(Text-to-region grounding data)
****************************************
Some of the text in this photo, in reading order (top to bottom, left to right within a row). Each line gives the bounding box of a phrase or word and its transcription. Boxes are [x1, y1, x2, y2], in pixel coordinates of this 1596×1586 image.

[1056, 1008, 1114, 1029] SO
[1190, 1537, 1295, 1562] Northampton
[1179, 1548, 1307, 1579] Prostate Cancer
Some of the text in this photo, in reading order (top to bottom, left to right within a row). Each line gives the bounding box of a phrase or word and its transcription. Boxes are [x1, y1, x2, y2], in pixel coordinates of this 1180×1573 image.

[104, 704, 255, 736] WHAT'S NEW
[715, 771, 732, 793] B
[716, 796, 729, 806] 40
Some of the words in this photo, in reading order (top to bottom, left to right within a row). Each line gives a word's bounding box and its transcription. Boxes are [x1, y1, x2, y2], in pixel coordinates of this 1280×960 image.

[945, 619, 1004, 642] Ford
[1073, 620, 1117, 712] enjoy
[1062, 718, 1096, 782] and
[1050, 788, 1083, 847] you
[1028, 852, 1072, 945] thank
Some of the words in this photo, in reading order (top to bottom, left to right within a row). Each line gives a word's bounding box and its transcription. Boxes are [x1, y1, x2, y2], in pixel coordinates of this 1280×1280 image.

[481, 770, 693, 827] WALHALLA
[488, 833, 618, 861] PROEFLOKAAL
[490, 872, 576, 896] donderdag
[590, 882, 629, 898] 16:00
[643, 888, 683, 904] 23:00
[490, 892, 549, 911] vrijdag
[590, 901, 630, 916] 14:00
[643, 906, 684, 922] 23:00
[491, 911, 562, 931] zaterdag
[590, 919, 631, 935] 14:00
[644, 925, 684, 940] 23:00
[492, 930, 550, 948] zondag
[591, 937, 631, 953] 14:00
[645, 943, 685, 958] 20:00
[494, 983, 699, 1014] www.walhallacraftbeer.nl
****************************************
Print exactly the stretch of lines beginning with the one that holds "this 1280×960 image." and ending at the last line above.

Some of the words in this photo, in reading order (top to bottom, left to right within a row). Each line gives a word's bounding box and its transcription. Boxes are [x1, y1, x2, y2], in pixel coordinates of this 1280×960 image.

[945, 619, 1004, 642] Ford
[1073, 620, 1117, 712] enjoy
[1062, 718, 1096, 782] and
[1050, 788, 1083, 847] you
[1028, 852, 1072, 945] thank
Some of the words in this photo, in reading order (top to bottom, left to right within a row). Each line gives a word's bounding box and its transcription. Boxes are [x1, y1, x2, y2], in pixel coordinates of this 1280×1280 image.

[481, 770, 693, 827] WALHALLA
[488, 833, 618, 861] PROEFLOKAAL
[490, 872, 576, 896] donderdag
[590, 882, 629, 898] 16:00
[643, 888, 683, 904] 23:00
[490, 892, 549, 911] vrijdag
[590, 901, 630, 916] 14:00
[643, 906, 684, 922] 23:00
[491, 911, 562, 931] zaterdag
[590, 919, 631, 935] 14:00
[644, 925, 684, 940] 23:00
[492, 930, 550, 948] zondag
[591, 937, 631, 953] 14:00
[645, 943, 685, 958] 20:00
[494, 983, 699, 1014] www.walhallacraftbeer.nl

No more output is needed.